Policies.OracleSequentiallyRestartPolicy module¶

An oracle policy for non-stationary bandits, restarting an underlying stationary bandit policy at each breakpoint.

It runs on top of a simple policy, e.g., UCB, and OracleSequentiallyRestartPolicy is a wrapper:

>>> policy = OracleSequentiallyRestartPolicy(nbArms, UCB)
>>> # use policy as usual, with policy.startGame(), r = policy.choice(), policy.getReward(arm, r)

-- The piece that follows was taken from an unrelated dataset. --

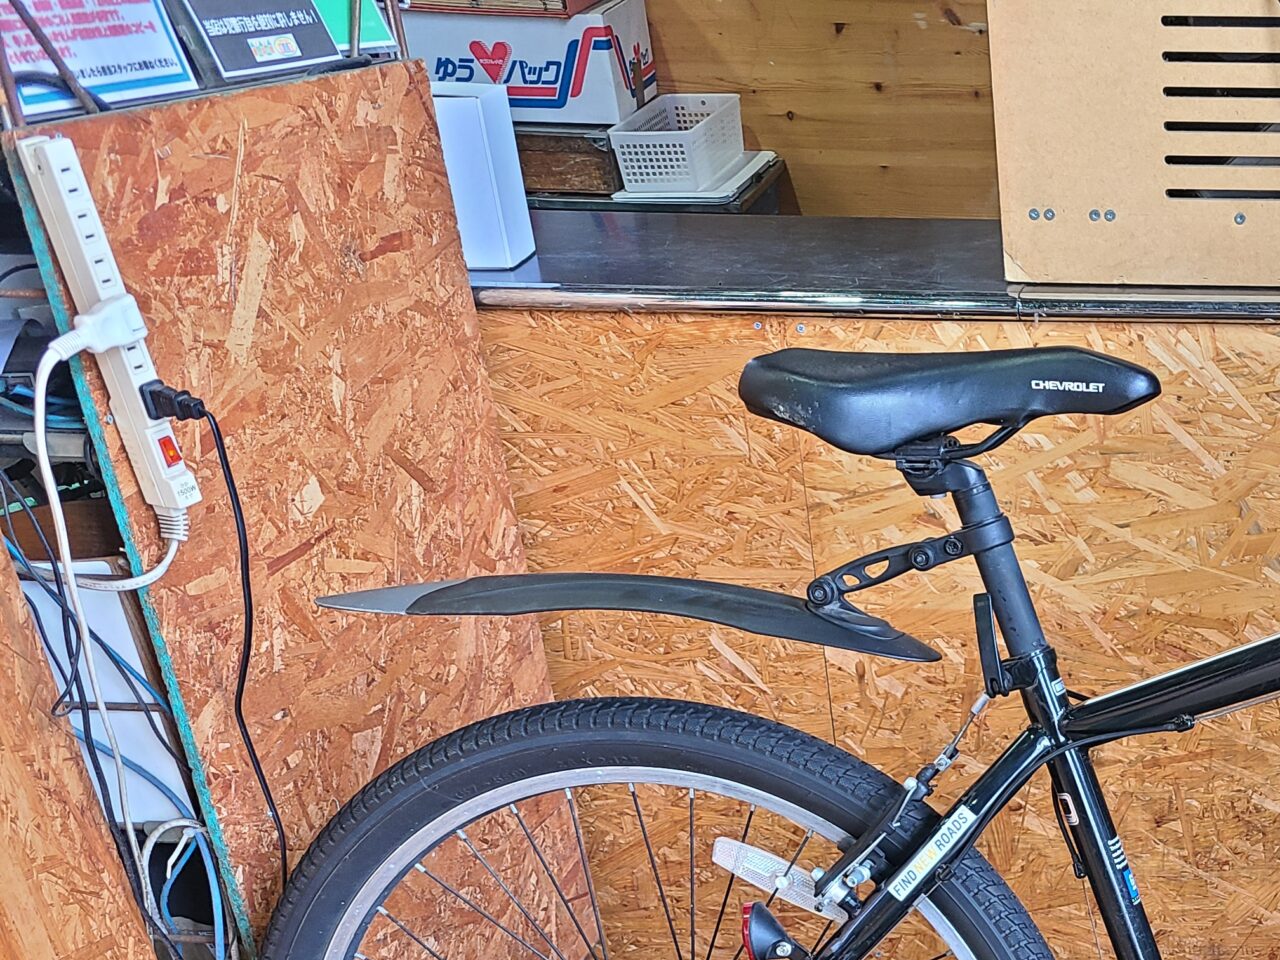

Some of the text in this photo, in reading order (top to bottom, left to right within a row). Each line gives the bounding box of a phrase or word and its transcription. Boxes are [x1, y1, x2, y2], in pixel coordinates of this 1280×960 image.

[503, 60, 561, 85] パック
[1031, 380, 1105, 393] CHEVROLET
[892, 811, 969, 897] FIND NEW ROADS

It uses the knowledge of the breakpoints to restart the underlying algorithm at each breakpoint.
It is very simple but impractical: in any real problem it is impossible to know the locations of the breakpoints, but it acts as an efficient baseline.

Warning

It is an efficient baseline, but it has no reason to be the best algorithm on a given problem (empirically)! I found that Policy.DiscountedThompson.DiscountedThompson is usually the most efficient.

Policies.OracleSequentiallyRestartPolicy.PER_ARM_RESTART = True¶: Should we reset one arm empirical average or all? Default is False for this algorithm.

Policies.OracleSequentiallyRestartPolicy.FULL_RESTART_WHEN_REFRESH = False¶: Should we fully restart the algorithm or simply reset one arm empirical average? Default is False, it’s usually more efficient!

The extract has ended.